Save the Homosassa River Alliance, Inc., Chassahowitzka River Restoration Committee, Save the Manatee Club, Inc., Brad Rimbey, Mitchell Newberger, and Priscilla Watkins are asking the court of appeal to rule that water withdrawals cannot be allowed to degrade water quality any more than pollutants pouring out of a waste discharge pipe. The Appellants contend that in 1993 when the State, following Federal Clean Water Act policy, designated the Chassahowitzka and Homosassa Springs and River Systems as “Outstanding Florida Waters,” it was recognized that these springs and rivers are of exceptional aesthetic, ecological, and recreational value that should never be allowed to be degraded.

The appeal explains that the U.S. Supreme Court has ruled the antidegradation standard of the Clean Water Act applies to water withdrawals that lower water quality or degrade habitat for fish, wildlife, or plants. The appellants conclude that DEP’s failure to apply the antidegradation standard is an agency policy that contributes to the decline of ecosystems and water quality in Florida’s springs and spring-fed rivers.

Jim Bitter, the president of Homosassa River Alliance, said: “We are just asking the court to tell DEP that the no degradation standard applies to “activities” such as water withdrawals that lower water quality or degrade habitat for the fish, wildlife and plants in the OFW.”
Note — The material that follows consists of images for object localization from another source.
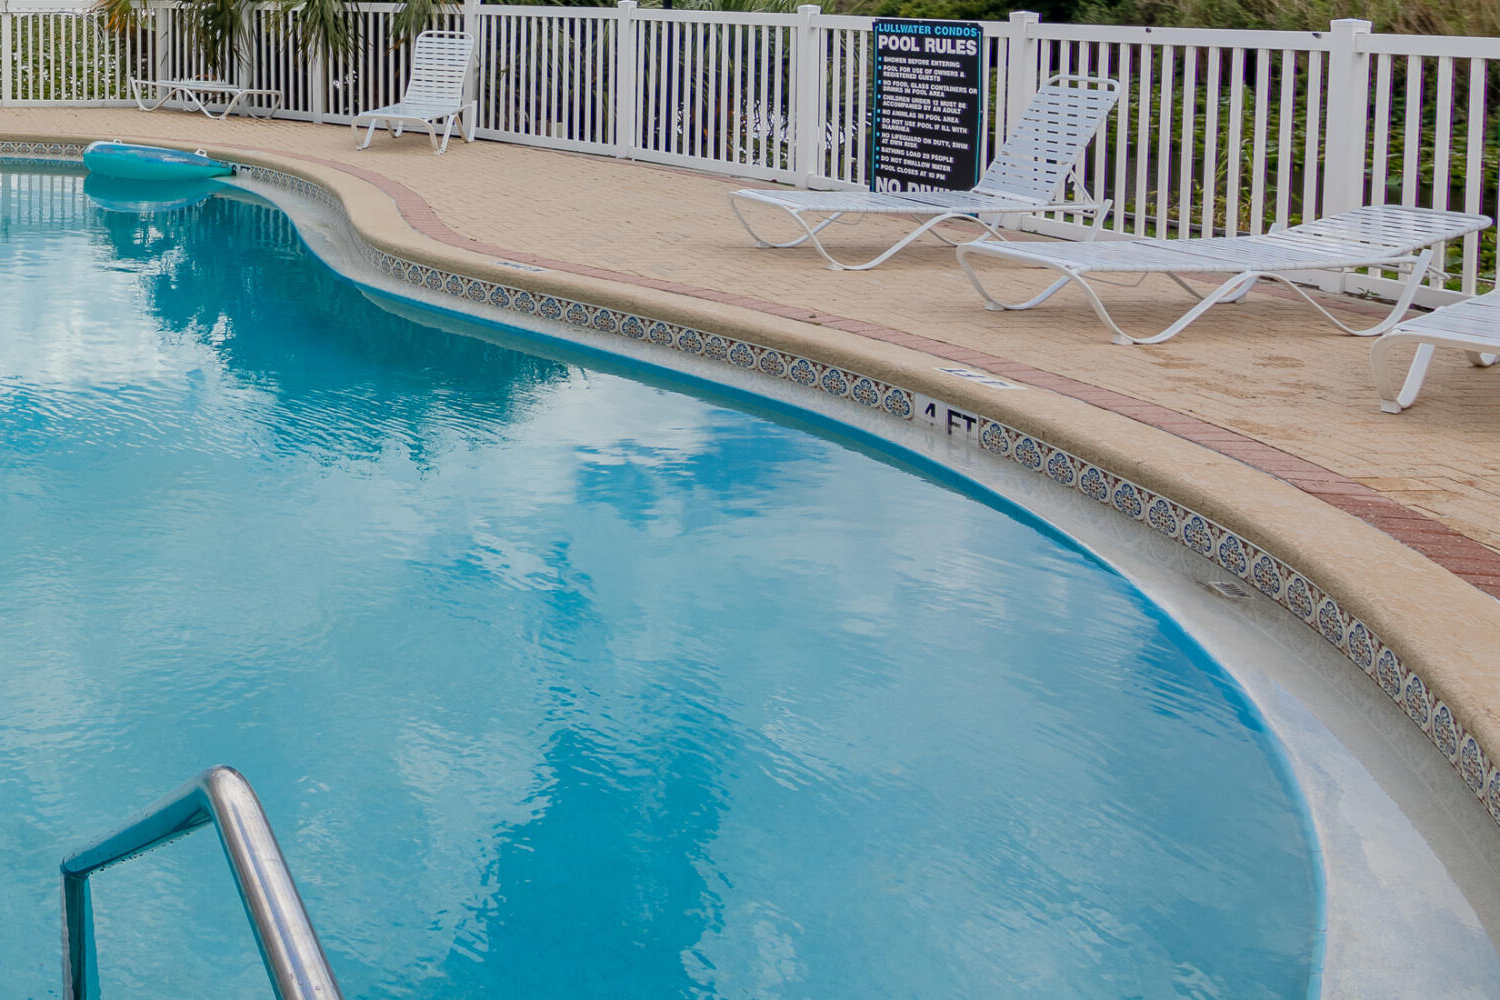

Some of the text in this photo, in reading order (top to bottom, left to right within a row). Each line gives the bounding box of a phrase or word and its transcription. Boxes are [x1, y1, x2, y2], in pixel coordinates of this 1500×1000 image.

[879, 24, 977, 37] LULLWATER CONDOS
[879, 35, 977, 56] POOL RULES
[931, 60, 960, 68] ENTERING
[931, 84, 967, 93] CONTAINERS
[883, 101, 922, 110] ACCOMPANIED
[891, 134, 921, 142] LIFEGUARD
[933, 139, 950, 148] DUTY,
[881, 147, 904, 155] BATHING
[931, 155, 953, 163] PEOPLE
[897, 166, 918, 175] CLOSES
[904, 159, 930, 168] SWALLOW
[932, 163, 950, 172] WATER
[876, 176, 901, 192] NO
[948, 408, 977, 435] FT
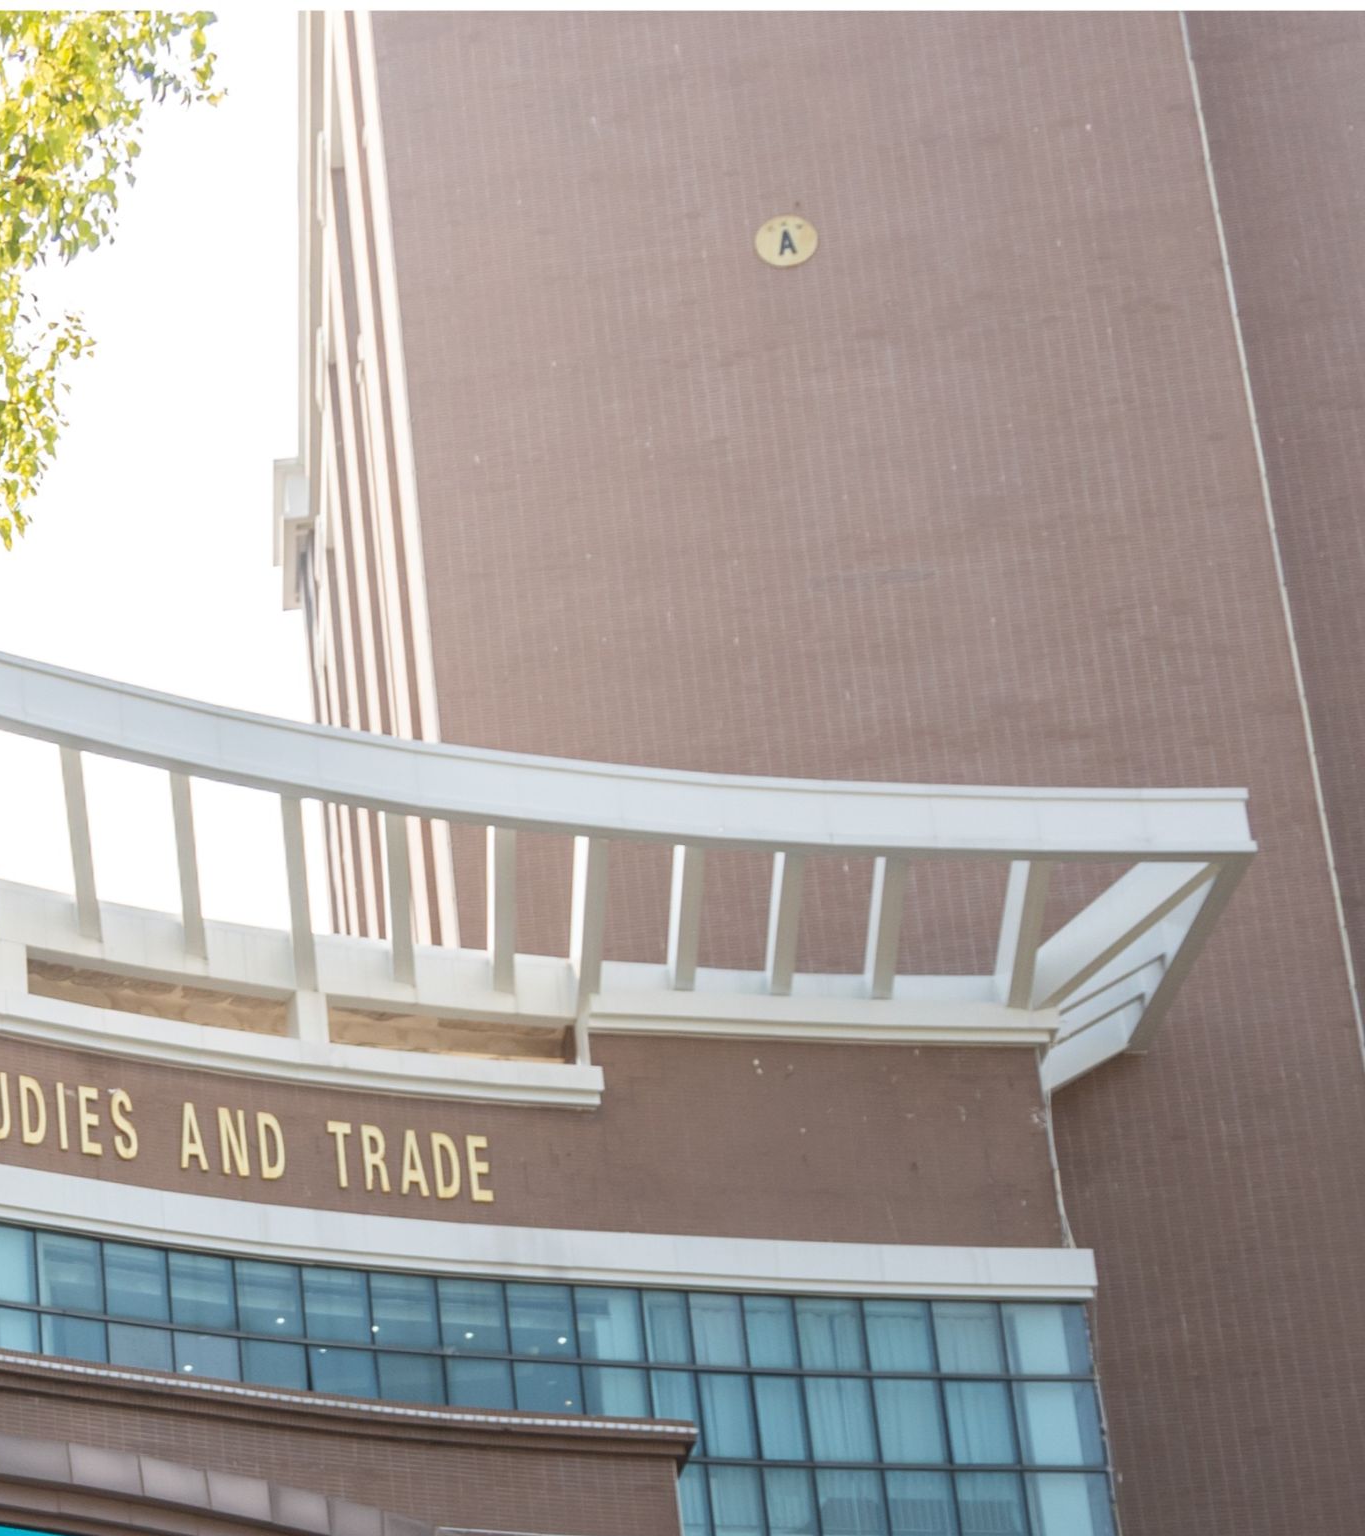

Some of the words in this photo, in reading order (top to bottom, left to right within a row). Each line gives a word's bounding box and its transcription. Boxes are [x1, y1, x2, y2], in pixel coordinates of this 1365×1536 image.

[778, 228, 798, 256] A
[180, 1101, 287, 1181] AND
[327, 1120, 495, 1203] TRADE
That’s what the law says. Despite the appearance of vigorous hand wringing in Tallahassee while trying to figure out how to protect and restore Florida’s springs, the State needs only to apply existing laws designed to protect Outstanding Florida Waters. The appeal arises because DEP refuses to follow the law’s intent that antidegradation policy must be applied to activities, not just discharges.

With the passage of Amendment 1 by 75 % of Florida’s voters, the State has been given a mandate to better protect the environment. However, the State has a history of throwing money at symptoms of problems without addressing the root of the problem. Amendment 1 restoration funding won’t restore our Outstanding Florida Waters if the State won’t stop the continued degradation of spring water quality by prohibiting increased water withdrawals.